**DIRECTIONS**
Below are records to write out again, exactly as they read.

Records from a dataset:
┌──

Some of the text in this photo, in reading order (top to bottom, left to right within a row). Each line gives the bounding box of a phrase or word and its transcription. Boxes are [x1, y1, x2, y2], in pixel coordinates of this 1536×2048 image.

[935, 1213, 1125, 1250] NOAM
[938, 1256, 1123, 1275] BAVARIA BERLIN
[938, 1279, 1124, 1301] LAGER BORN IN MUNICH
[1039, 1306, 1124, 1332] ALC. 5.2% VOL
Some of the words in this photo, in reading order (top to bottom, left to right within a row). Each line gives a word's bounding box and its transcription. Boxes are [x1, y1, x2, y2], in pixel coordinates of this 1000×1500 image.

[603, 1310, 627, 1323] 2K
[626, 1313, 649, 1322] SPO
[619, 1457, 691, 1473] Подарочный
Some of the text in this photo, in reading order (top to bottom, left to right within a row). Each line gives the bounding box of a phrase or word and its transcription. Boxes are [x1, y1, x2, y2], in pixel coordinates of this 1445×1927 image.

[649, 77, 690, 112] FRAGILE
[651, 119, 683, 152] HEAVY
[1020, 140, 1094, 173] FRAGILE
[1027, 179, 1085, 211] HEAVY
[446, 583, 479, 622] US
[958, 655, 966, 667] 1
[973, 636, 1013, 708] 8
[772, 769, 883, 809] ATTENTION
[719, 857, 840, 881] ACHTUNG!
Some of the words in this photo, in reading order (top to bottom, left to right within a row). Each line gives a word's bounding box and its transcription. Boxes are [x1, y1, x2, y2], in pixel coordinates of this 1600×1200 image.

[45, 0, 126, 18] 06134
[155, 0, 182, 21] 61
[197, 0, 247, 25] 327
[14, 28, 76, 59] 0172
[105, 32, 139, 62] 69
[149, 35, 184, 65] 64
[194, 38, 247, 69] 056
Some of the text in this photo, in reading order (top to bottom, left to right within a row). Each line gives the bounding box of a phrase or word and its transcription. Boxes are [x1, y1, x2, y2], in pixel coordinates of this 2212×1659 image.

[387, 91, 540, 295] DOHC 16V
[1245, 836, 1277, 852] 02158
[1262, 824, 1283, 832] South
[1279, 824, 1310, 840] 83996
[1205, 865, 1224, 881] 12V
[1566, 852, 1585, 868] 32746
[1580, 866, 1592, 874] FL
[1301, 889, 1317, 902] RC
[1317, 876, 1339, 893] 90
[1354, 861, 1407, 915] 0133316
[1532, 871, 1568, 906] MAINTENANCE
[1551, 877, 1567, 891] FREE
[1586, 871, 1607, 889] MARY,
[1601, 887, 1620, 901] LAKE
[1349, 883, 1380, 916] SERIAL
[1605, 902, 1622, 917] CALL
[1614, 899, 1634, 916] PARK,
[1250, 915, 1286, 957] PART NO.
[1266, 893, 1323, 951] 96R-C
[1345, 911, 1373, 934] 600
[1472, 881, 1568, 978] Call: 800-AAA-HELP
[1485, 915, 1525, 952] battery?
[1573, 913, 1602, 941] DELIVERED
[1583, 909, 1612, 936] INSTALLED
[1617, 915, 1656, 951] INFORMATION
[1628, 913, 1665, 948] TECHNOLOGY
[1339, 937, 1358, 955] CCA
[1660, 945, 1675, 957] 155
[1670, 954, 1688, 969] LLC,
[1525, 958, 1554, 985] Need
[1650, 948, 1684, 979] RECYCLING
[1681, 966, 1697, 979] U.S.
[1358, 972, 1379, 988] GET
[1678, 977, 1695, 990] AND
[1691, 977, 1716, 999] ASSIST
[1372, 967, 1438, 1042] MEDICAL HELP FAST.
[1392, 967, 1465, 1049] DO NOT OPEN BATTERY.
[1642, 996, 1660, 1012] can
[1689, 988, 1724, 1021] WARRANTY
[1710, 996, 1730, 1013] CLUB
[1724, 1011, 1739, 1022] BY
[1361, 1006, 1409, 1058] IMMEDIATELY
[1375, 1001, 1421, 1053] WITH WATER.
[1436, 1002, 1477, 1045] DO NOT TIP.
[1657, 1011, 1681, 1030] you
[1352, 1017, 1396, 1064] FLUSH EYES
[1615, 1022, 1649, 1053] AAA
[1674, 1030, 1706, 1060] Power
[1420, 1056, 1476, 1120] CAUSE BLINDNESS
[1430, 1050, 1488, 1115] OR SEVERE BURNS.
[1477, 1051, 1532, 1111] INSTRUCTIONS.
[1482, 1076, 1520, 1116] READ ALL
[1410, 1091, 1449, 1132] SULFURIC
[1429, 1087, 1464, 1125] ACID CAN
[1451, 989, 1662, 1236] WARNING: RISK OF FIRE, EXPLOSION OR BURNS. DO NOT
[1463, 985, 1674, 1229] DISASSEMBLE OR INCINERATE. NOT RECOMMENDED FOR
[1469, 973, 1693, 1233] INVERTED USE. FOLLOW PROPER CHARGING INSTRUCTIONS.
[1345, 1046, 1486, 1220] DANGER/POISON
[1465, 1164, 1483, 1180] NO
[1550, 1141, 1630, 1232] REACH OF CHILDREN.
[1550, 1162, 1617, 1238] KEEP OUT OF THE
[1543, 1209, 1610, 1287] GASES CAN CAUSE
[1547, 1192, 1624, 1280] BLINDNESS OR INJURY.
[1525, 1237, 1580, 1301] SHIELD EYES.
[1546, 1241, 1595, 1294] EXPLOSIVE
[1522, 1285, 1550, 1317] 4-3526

└──

**SOLUTION FOR THIS PROBLEM**
Some of the text in this photo, in reading order (top to bottom, left to right within a row). Each line gives the bounding box of a phrase or word and its transcription. Boxes are [x1, y1, x2, y2], in pixel coordinates of this 1536×2048 image.

[935, 1213, 1125, 1250] NOAM
[938, 1256, 1123, 1275] BAVARIA BERLIN
[938, 1279, 1124, 1301] LAGER BORN IN MUNICH
[1039, 1306, 1124, 1332] ALC. 5.2% VOL
Some of the words in this photo, in reading order (top to bottom, left to right within a row). Each line gives a word's bounding box and its transcription. Boxes are [x1, y1, x2, y2], in pixel coordinates of this 1000×1500 image.

[603, 1310, 627, 1323] 2K
[626, 1313, 649, 1322] SPO
[619, 1457, 691, 1473] Подарочный
Some of the text in this photo, in reading order (top to bottom, left to right within a row). Each line gives the bounding box of a phrase or word and its transcription. Boxes are [x1, y1, x2, y2], in pixel coordinates of this 1445×1927 image.

[649, 77, 690, 112] FRAGILE
[651, 119, 683, 152] HEAVY
[1020, 140, 1094, 173] FRAGILE
[1027, 179, 1085, 211] HEAVY
[446, 583, 479, 622] US
[958, 655, 966, 667] 1
[973, 636, 1013, 708] 8
[772, 769, 883, 809] ATTENTION
[719, 857, 840, 881] ACHTUNG!
Some of the words in this photo, in reading order (top to bottom, left to right within a row). Each line gives a word's bounding box and its transcription. Boxes are [x1, y1, x2, y2], in pixel coordinates of this 1600×1200 image.

[45, 0, 126, 18] 06134
[155, 0, 182, 21] 61
[197, 0, 247, 25] 327
[14, 28, 76, 59] 0172
[105, 32, 139, 62] 69
[149, 35, 184, 65] 64
[194, 38, 247, 69] 056
Some of the text in this photo, in reading order (top to bottom, left to right within a row). Each line gives the bounding box of a phrase or word and its transcription. Boxes are [x1, y1, x2, y2], in pixel coordinates of this 2212×1659 image.

[387, 91, 540, 295] DOHC 16V
[1245, 836, 1277, 852] 02158
[1262, 824, 1283, 832] South
[1279, 824, 1310, 840] 83996
[1205, 865, 1224, 881] 12V
[1566, 852, 1585, 868] 32746
[1580, 866, 1592, 874] FL
[1301, 889, 1317, 902] RC
[1317, 876, 1339, 893] 90
[1354, 861, 1407, 915] 0133316
[1532, 871, 1568, 906] MAINTENANCE
[1551, 877, 1567, 891] FREE
[1586, 871, 1607, 889] MARY,
[1601, 887, 1620, 901] LAKE
[1349, 883, 1380, 916] SERIAL
[1605, 902, 1622, 917] CALL
[1614, 899, 1634, 916] PARK,
[1250, 915, 1286, 957] PART NO.
[1266, 893, 1323, 951] 96R-C
[1345, 911, 1373, 934] 600
[1472, 881, 1568, 978] Call: 800-AAA-HELP
[1485, 915, 1525, 952] battery?
[1573, 913, 1602, 941] DELIVERED
[1583, 909, 1612, 936] INSTALLED
[1617, 915, 1656, 951] INFORMATION
[1628, 913, 1665, 948] TECHNOLOGY
[1339, 937, 1358, 955] CCA
[1660, 945, 1675, 957] 155
[1670, 954, 1688, 969] LLC,
[1525, 958, 1554, 985] Need
[1650, 948, 1684, 979] RECYCLING
[1681, 966, 1697, 979] U.S.
[1358, 972, 1379, 988] GET
[1678, 977, 1695, 990] AND
[1691, 977, 1716, 999] ASSIST
[1372, 967, 1438, 1042] MEDICAL HELP FAST.
[1392, 967, 1465, 1049] DO NOT OPEN BATTERY.
[1642, 996, 1660, 1012] can
[1689, 988, 1724, 1021] WARRANTY
[1710, 996, 1730, 1013] CLUB
[1724, 1011, 1739, 1022] BY
[1361, 1006, 1409, 1058] IMMEDIATELY
[1375, 1001, 1421, 1053] WITH WATER.
[1436, 1002, 1477, 1045] DO NOT TIP.
[1657, 1011, 1681, 1030] you
[1352, 1017, 1396, 1064] FLUSH EYES
[1615, 1022, 1649, 1053] AAA
[1674, 1030, 1706, 1060] Power
[1420, 1056, 1476, 1120] CAUSE BLINDNESS
[1430, 1050, 1488, 1115] OR SEVERE BURNS.
[1477, 1051, 1532, 1111] INSTRUCTIONS.
[1482, 1076, 1520, 1116] READ ALL
[1410, 1091, 1449, 1132] SULFURIC
[1429, 1087, 1464, 1125] ACID CAN
[1451, 989, 1662, 1236] WARNING: RISK OF FIRE, EXPLOSION OR BURNS. DO NOT
[1463, 985, 1674, 1229] DISASSEMBLE OR INCINERATE. NOT RECOMMENDED FOR
[1469, 973, 1693, 1233] INVERTED USE. FOLLOW PROPER CHARGING INSTRUCTIONS.
[1345, 1046, 1486, 1220] DANGER/POISON
[1465, 1164, 1483, 1180] NO
[1550, 1141, 1630, 1232] REACH OF CHILDREN.
[1550, 1162, 1617, 1238] KEEP OUT OF THE
[1543, 1209, 1610, 1287] GASES CAN CAUSE
[1547, 1192, 1624, 1280] BLINDNESS OR INJURY.
[1525, 1237, 1580, 1301] SHIELD EYES.
[1546, 1241, 1595, 1294] EXPLOSIVE
[1522, 1285, 1550, 1317] 4-3526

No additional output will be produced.